What is a SequenceFile in Hadoop?
A. ASequenceFilecontains a binaryencoding ofan arbitrary numberof homogeneous writable objects.
B. ASequenceFilecontains a binary encoding of an arbitrary number of heterogeneous writable objects.
C. ASequenceFilecontains a binary encoding of an arbitrary number of WritableComparable objects, in sorted order.
D. ASequenceFilecontains a binary encoding of an arbitrary number key-value pairs. Each key must be the same type. Each value must be sametype.
Is there a map input format in Hadoop?
A. Yes, but only in Hadoop 0.22+.
B. Yes, there is a special format for map files.
C. No, but sequence file input format can read map files.
D. Both 2 and 3 are correct answers.
What happens if mapper output does not match reducer input in Hadoop?
A. Hadoop API will convert the data to the type that is needed by the reducer.
B. Data input/output inconsistency cannot occur. A preliminary validation check is executed prior to the full execution of the job to ensure there is consistency.
C. The java compiler will report an error during compilation but the job will complete with exceptions.
D. A real-time exception will be thrown and map-reduce job will fail.
Can you provide multiple input paths to a map-reduce jobs Hadoop?
A. Yes, but only in Hadoop 0.22+.
B. No, Hadoop always operates on one input directory.
C. Yes, developers can add any number of input paths.
D. Yes, but the limit is currently capped at 10 input paths.
Can a custom type for data Map-Reduce processing be implemented in Hadoop?
A. No, Hadoop does not provide techniques for custom datatypes.
B. Yes, but only for mappers.
C. Yes, custom data types can be implemented as long as they implement writable interface.
D. Yes, but only for reducers.
The Hadoop API uses basic Java types
such as LongWritable, Text, IntWritable. They have almost the same
features as default java classes. What are these writable data types
optimized for?
A. Writable data types are specifically optimized for network transmissions
B. Writable data types are specifically optimized for file system storage
C. Writable data types are specifically optimized for map-reduce processing
D. Writable data types are specifically optimized for data retrieval
What is writable in Hadoop?
A. Writable is a java interface that needs to be implemented for streaming data to remote servers.
B. Writable is a java interface that needs to be implemented for HDFS writes.
C. Writable is a java interface that needs to be implemented for MapReduce processing.
D. None of these answers are correct.
What is the best performance one can expect from a Hadoop cluster?
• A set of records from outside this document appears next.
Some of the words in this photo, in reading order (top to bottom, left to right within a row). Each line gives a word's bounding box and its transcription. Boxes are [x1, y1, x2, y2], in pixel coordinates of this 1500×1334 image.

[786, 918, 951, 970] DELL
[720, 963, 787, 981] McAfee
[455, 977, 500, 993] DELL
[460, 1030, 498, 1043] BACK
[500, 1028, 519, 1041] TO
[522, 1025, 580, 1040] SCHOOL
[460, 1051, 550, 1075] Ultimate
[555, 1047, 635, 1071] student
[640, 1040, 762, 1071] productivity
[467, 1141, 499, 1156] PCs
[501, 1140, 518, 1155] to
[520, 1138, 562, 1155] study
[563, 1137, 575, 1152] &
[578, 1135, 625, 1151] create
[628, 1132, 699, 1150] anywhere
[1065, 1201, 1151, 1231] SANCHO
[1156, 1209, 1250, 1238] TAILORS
A. The best performance expectation one can have is measured in seconds. This is because Hadoop can only be used for batch processing
B. The best performance expectation one can have is measured in milliseconds. This is because Hadoop executes in parallel across so many machines
C. The best performance expectation one can have is measured in minutes. This is because Hadoop can only be used for batch processing
D. It depends on on the design of the map-reduce program, how many machines in the cluster, and the amount of data being retrieved
What is distributed cache in Hadoop?
A. The distributed cache is special component on namenode that will cache frequently used data for faster client response. It is used during reduce step.
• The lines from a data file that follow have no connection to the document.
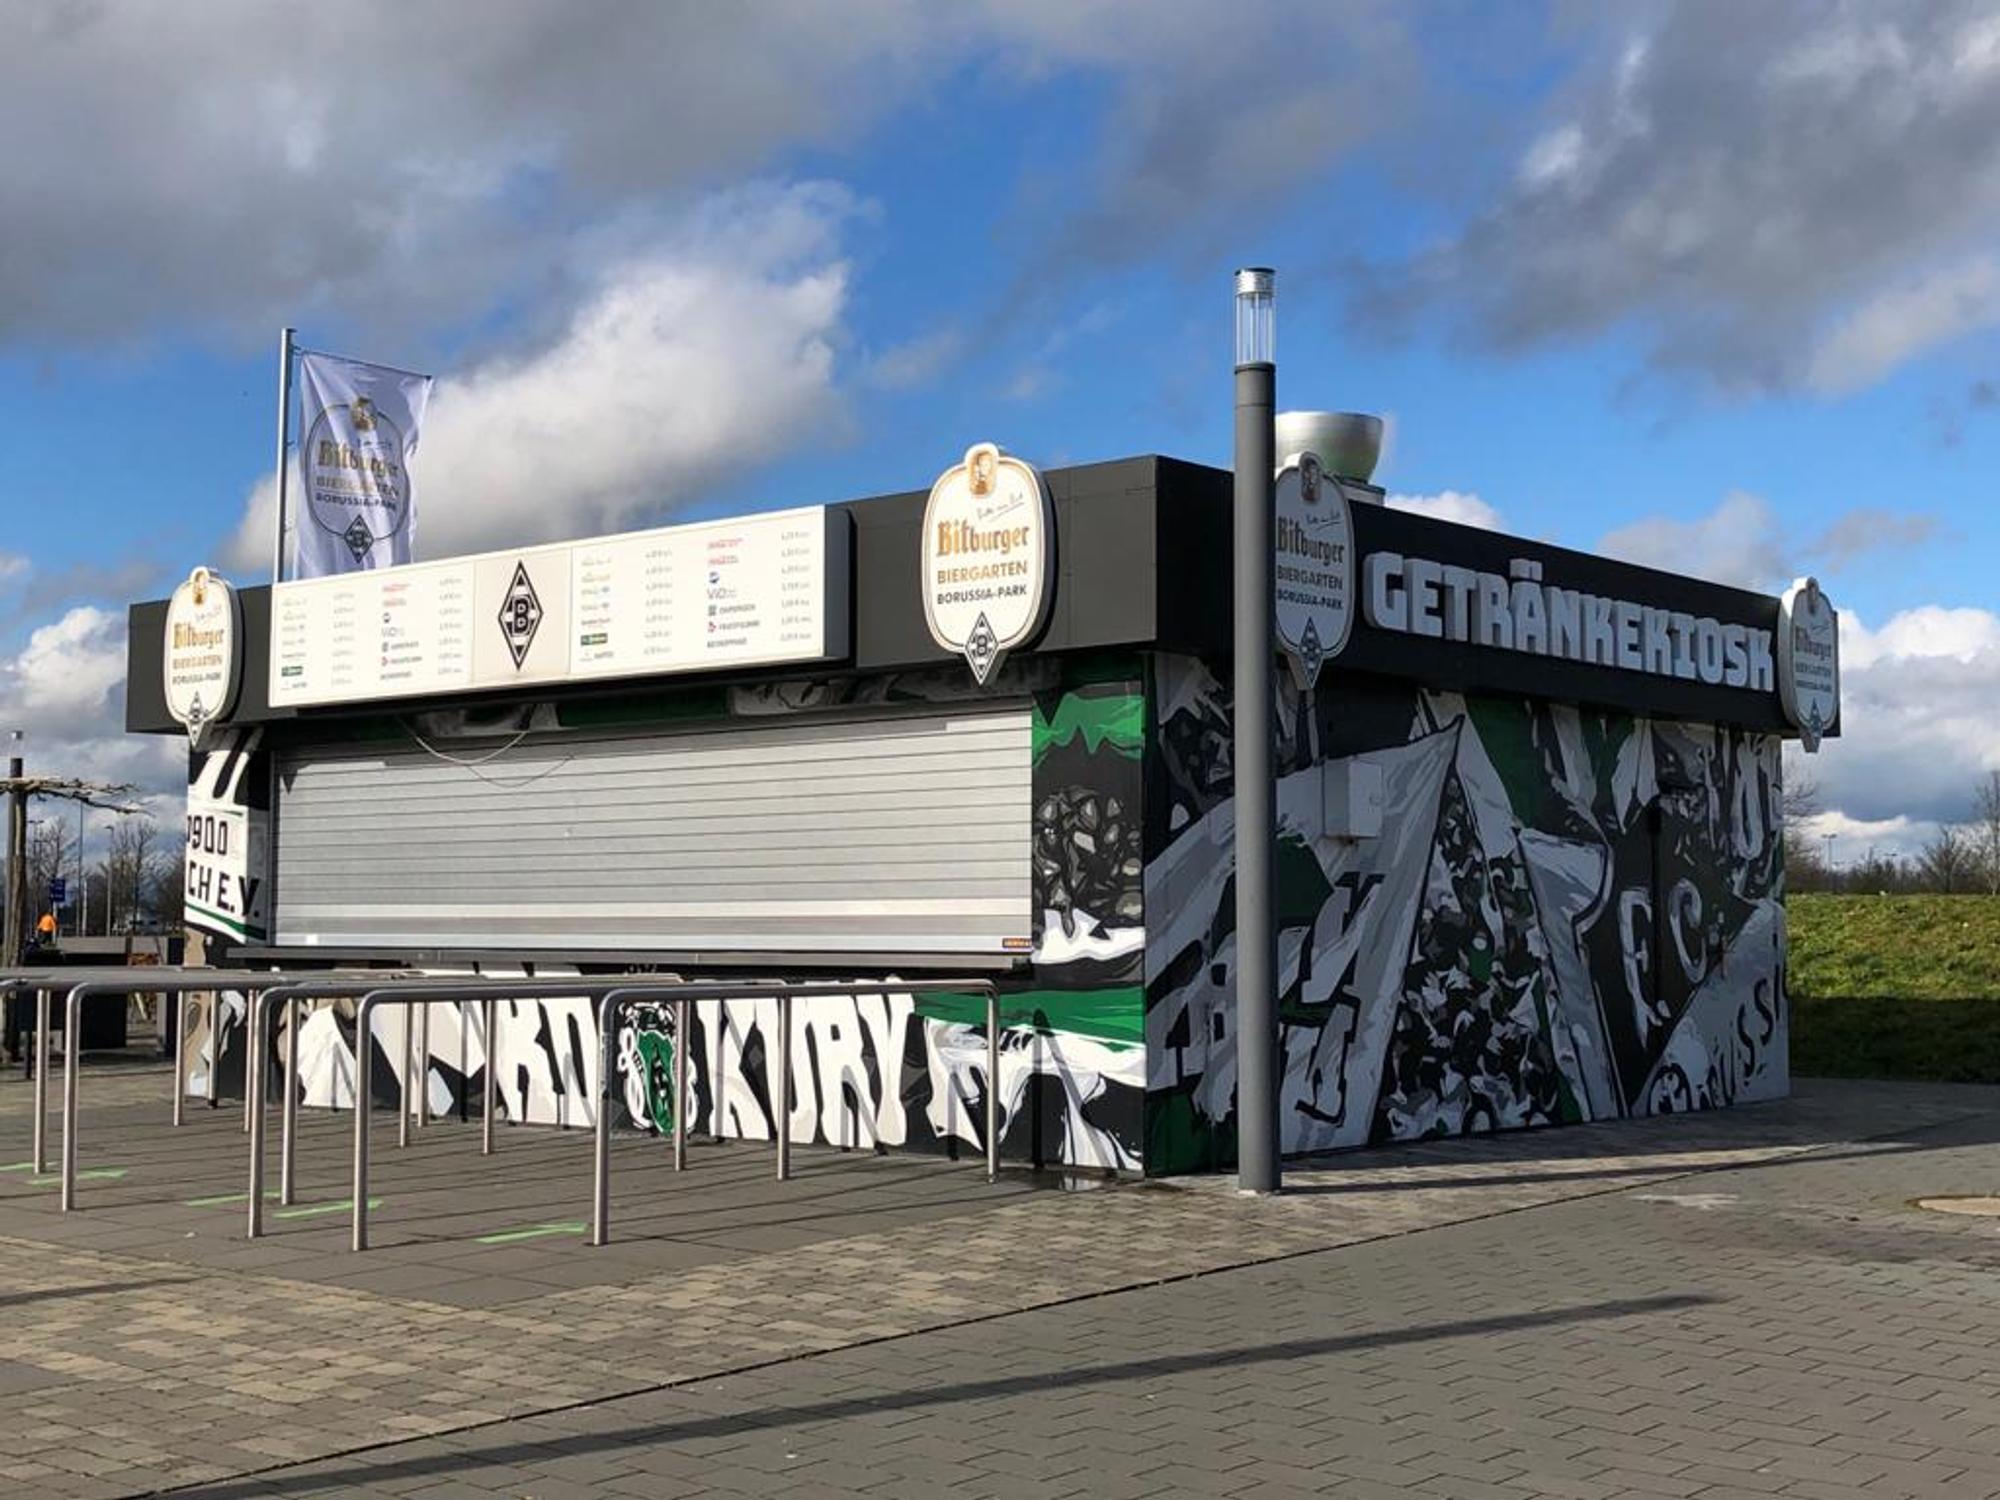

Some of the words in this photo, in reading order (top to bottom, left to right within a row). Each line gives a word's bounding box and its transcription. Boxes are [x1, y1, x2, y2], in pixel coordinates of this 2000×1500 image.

[936, 518, 1030, 558] Bitburger
[1277, 516, 1345, 566] Bitburger
[937, 560, 1028, 585] BIERGARTEN
[1277, 564, 1343, 591] BIERGARTEN
[936, 584, 1028, 605] BORUSSIA-PARK
[1363, 550, 1775, 692] GETRÄNKEKIOSK
B. The distributed cache is special component on datanode that will cache frequently used data for faster client response. It is used during map step.
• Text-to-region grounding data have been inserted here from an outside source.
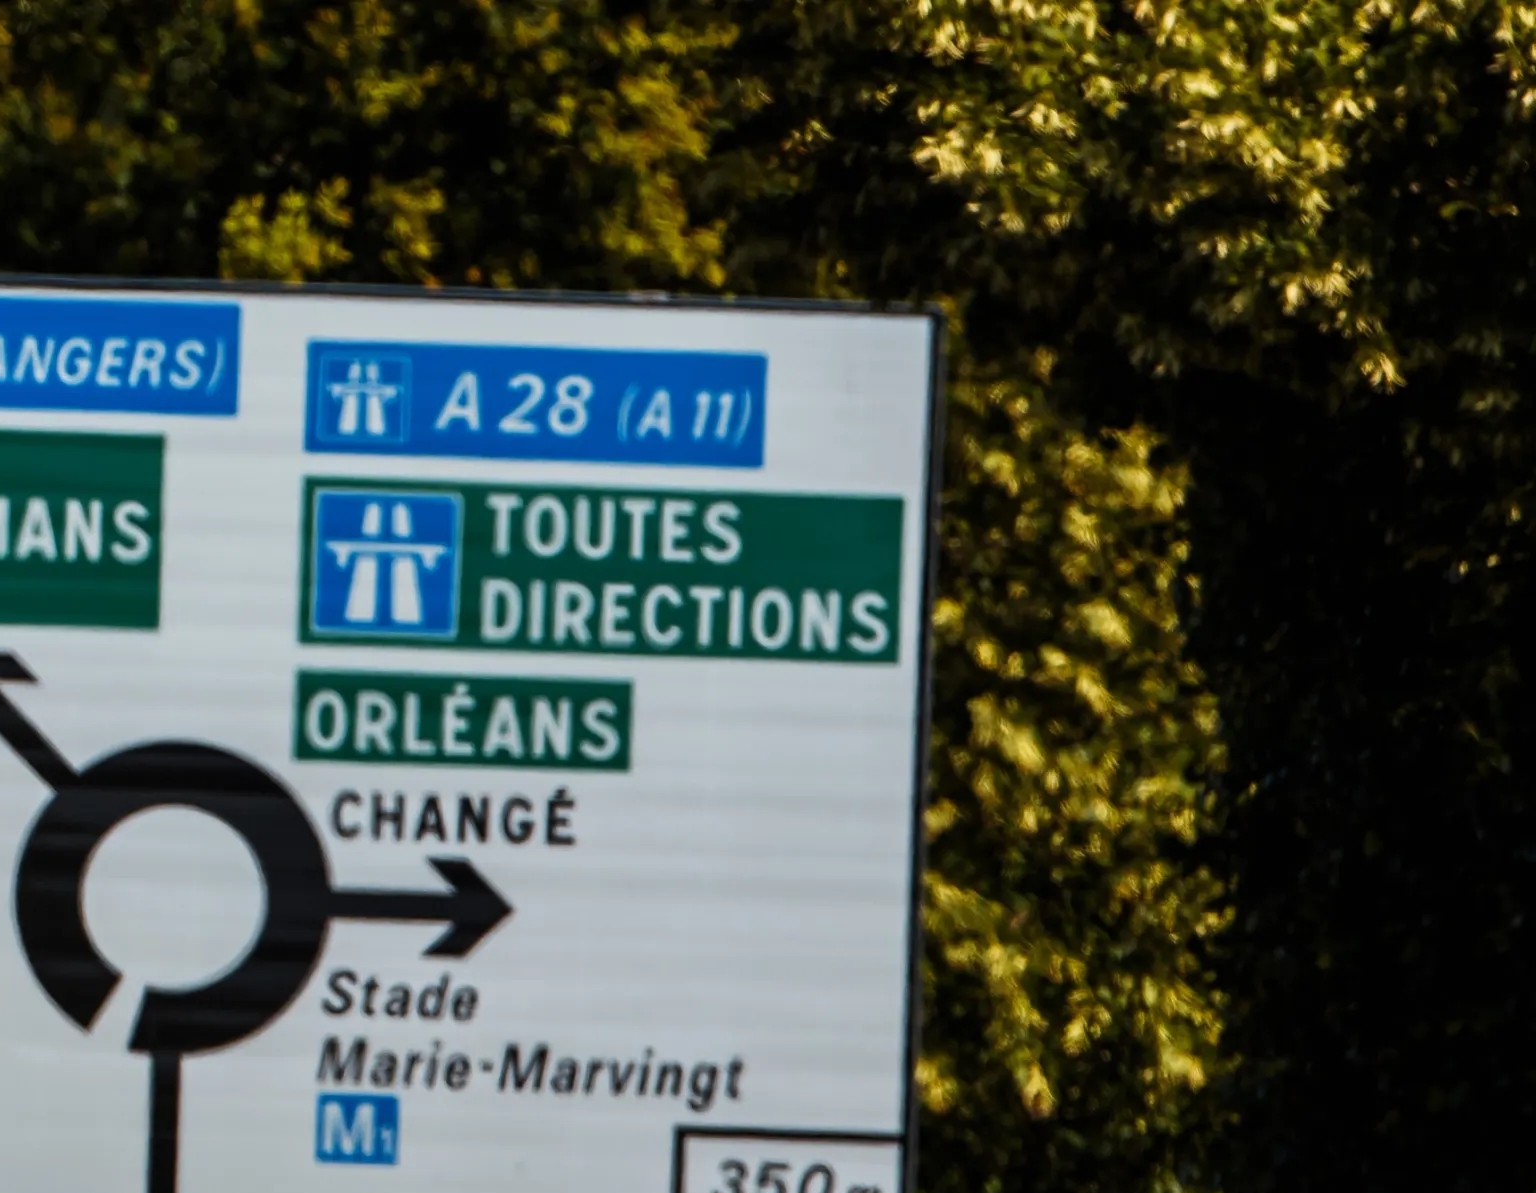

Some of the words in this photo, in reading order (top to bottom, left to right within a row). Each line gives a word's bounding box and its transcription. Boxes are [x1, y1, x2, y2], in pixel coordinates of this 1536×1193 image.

[436, 372, 480, 431] A
[498, 373, 593, 435] 28
[618, 384, 672, 441] (A
[691, 390, 752, 447] 11)
[486, 494, 742, 563] TOUTES
[480, 578, 889, 654] DIRECTIONS
[305, 684, 620, 760] ORLÉANS
[330, 787, 577, 846] CHANGÉ
[321, 970, 480, 1022] Stade
[316, 1036, 745, 1113] Marie-Marvingt
C. The distributed cache is a component that caches java objects.
D. The distributed cache is a component that allows developers to deploy jars for Map-Reduce processing.
Can you run Map - Reduce jobs directly on Avro data in Hadoop?
A. Yes, Avro was specifically designed for data processing via Map-Reduce
B. Yes, but additional extensive coding is required
C. No, Avro was specifically designed for data storage only
D. Avro specifies metadata that allows easier data access. This data cannot be used as part of map-reduce execution, rather input specification only.